• Your task
Transcribe each line below without altering anything.

START Given information

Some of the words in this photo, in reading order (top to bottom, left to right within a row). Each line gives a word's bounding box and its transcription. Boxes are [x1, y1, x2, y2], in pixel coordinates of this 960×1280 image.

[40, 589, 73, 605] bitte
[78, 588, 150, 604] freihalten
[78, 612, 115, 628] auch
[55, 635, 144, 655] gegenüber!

END Given information

• Reply to the exercise
Some of the words in this photo, in reading order (top to bottom, left to right within a row). Each line gives a word's bounding box and its transcription. Boxes are [x1, y1, x2, y2], in pixel coordinates of this 960×1280 image.

[40, 589, 73, 605] bitte
[78, 588, 150, 604] freihalten
[78, 612, 115, 628] auch
[55, 635, 144, 655] gegenüber!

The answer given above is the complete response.